**Task prompt:** Every entry below has to appear again in your reply, word for word, but no picture may.

**Supplied material:**
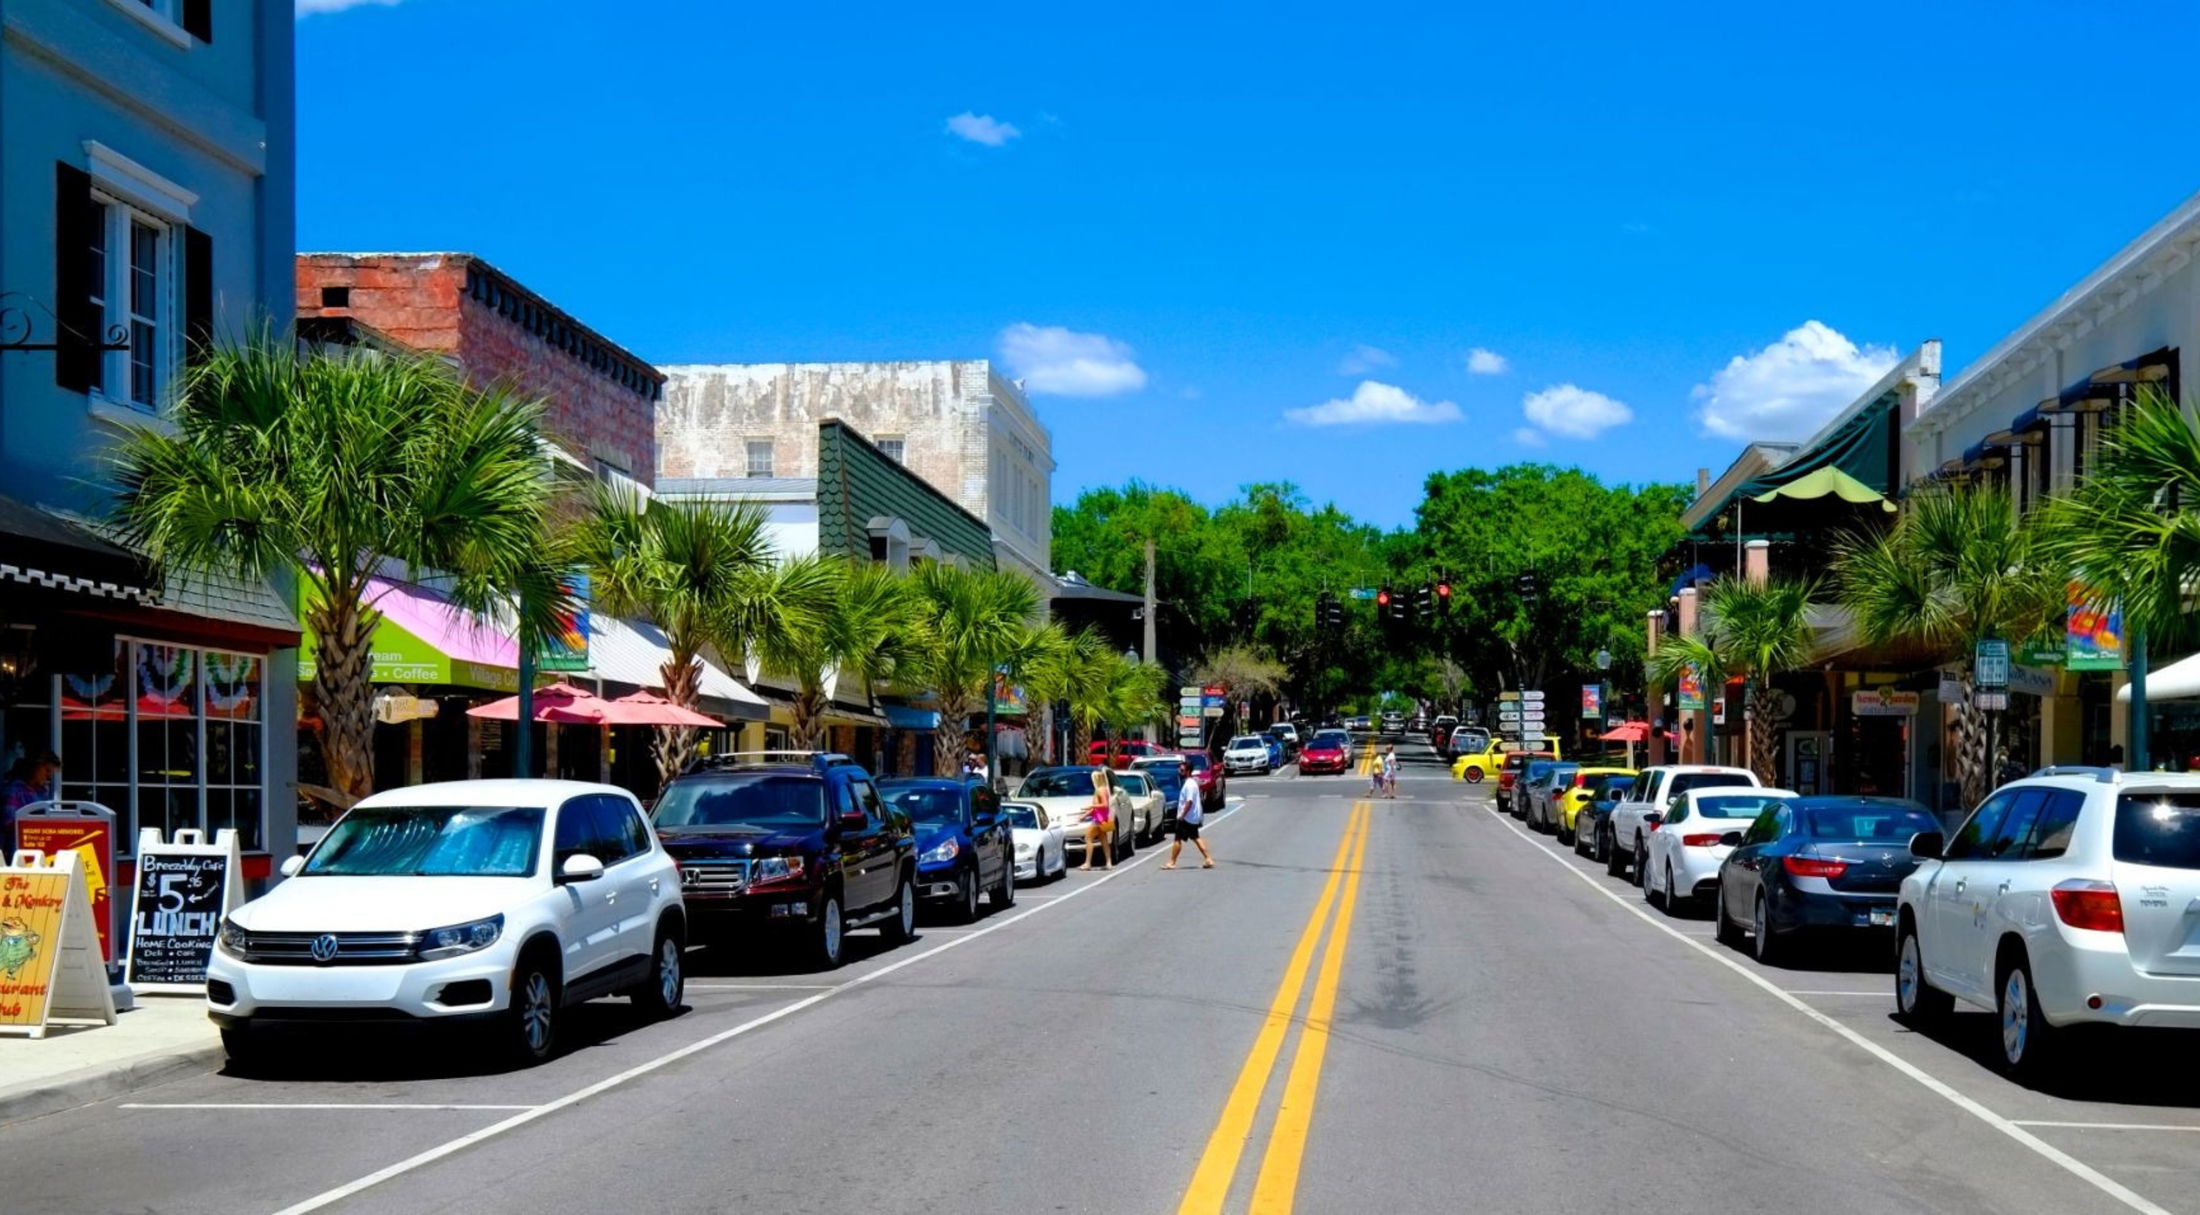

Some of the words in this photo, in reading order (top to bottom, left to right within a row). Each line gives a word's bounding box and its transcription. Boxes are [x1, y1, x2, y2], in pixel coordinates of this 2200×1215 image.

[393, 668, 438, 680] Coffee
[471, 666, 501, 689] Village
[4, 877, 30, 890] The
[14, 893, 63, 913] Monkey
[136, 911, 216, 936] LUNCH
[0, 985, 47, 995] urant
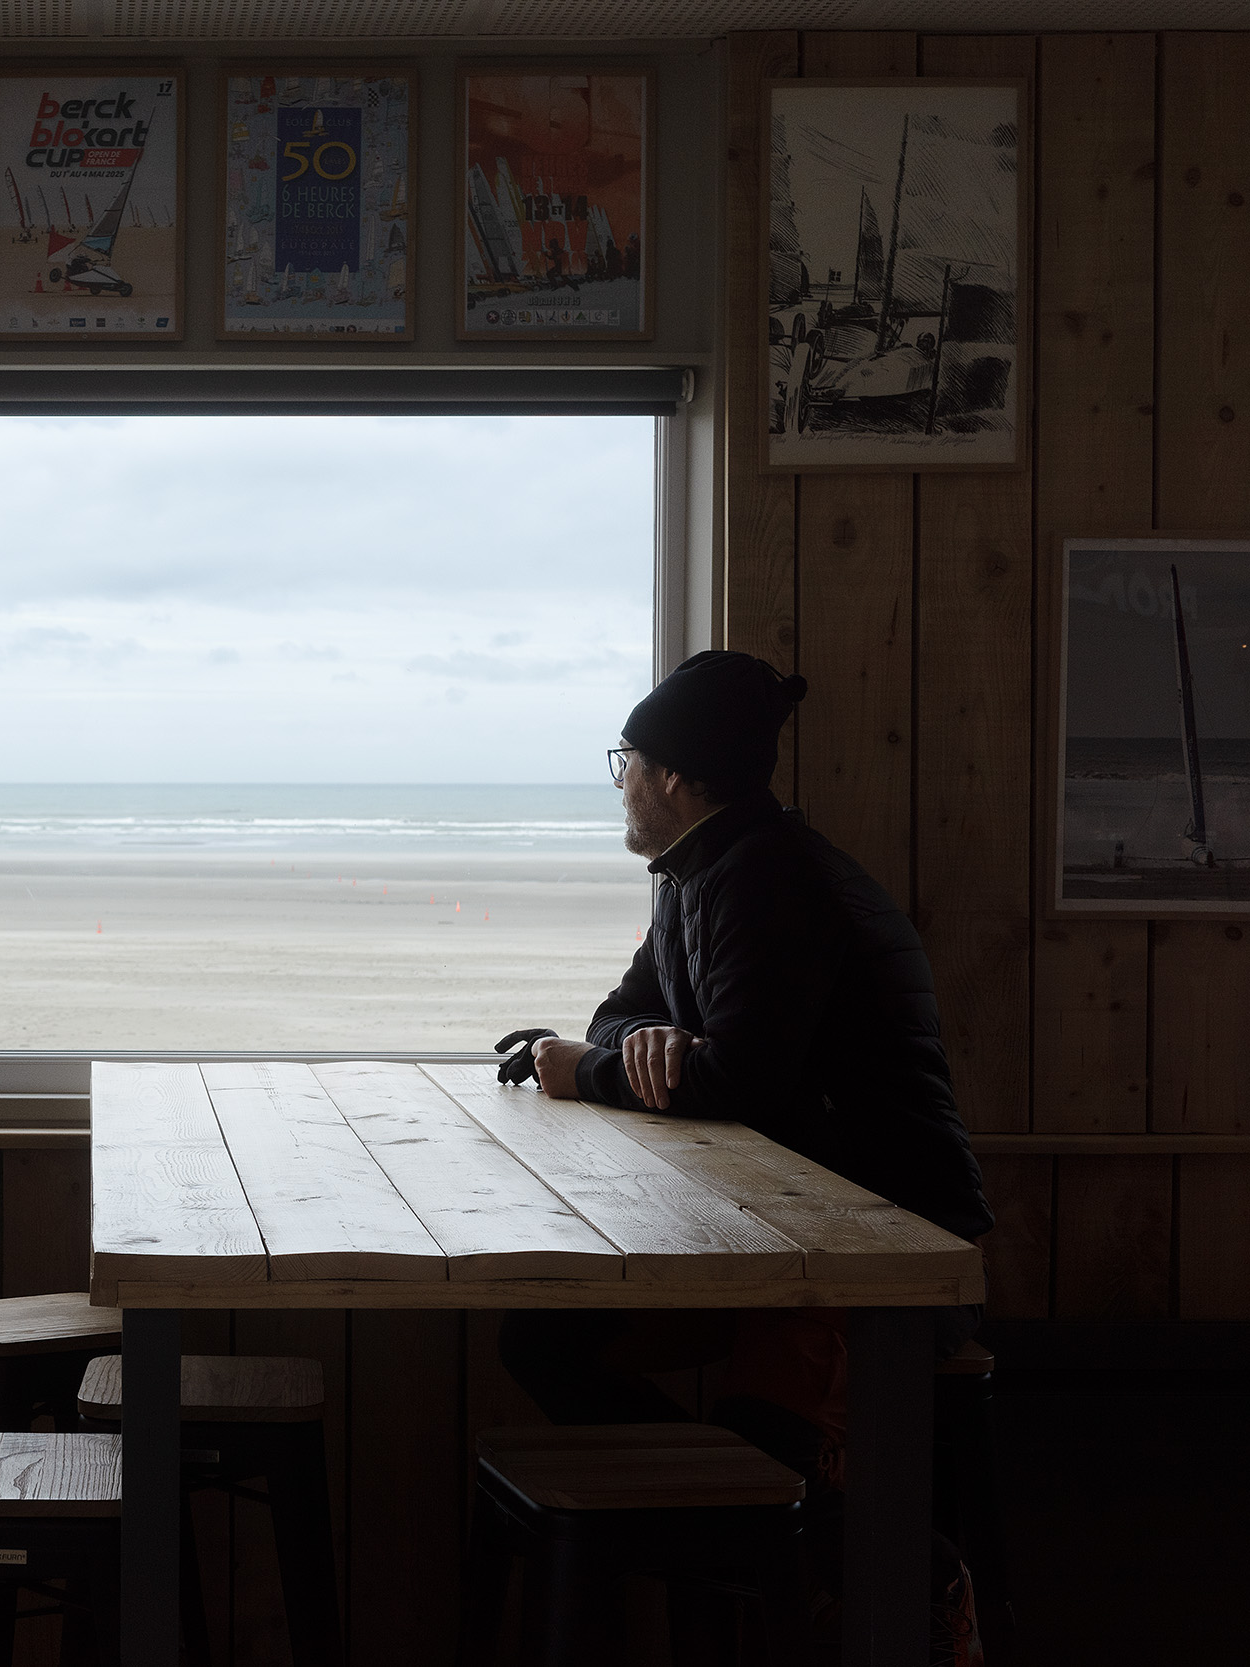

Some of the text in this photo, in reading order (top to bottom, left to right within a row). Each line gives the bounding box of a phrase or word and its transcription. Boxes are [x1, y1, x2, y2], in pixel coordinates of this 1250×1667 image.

[37, 92, 136, 119] berck
[29, 120, 149, 147] blokart
[26, 148, 86, 168] CUP
[85, 158, 117, 166] FRANCE
[281, 140, 357, 182] 50
[282, 184, 356, 203] 6 HEURES
[282, 202, 356, 219] DE BERCK
[522, 195, 550, 221] 13

**Expected output:**
Some of the words in this photo, in reading order (top to bottom, left to right within a row). Each line gives a word's bounding box and its transcription. Boxes are [x1, y1, x2, y2], in pixel coordinates of this 2200×1215 image.

[393, 668, 438, 680] Coffee
[471, 666, 501, 689] Village
[4, 877, 30, 890] The
[14, 893, 63, 913] Monkey
[136, 911, 216, 936] LUNCH
[0, 985, 47, 995] urant

Some of the text in this photo, in reading order (top to bottom, left to right within a row). Each line gives the bounding box of a phrase or word and its transcription. Boxes are [x1, y1, x2, y2], in pixel coordinates of this 1250×1667 image.

[37, 92, 136, 119] berck
[29, 120, 149, 147] blokart
[26, 148, 86, 168] CUP
[85, 158, 117, 166] FRANCE
[281, 140, 357, 182] 50
[282, 184, 356, 203] 6 HEURES
[282, 202, 356, 219] DE BERCK
[522, 195, 550, 221] 13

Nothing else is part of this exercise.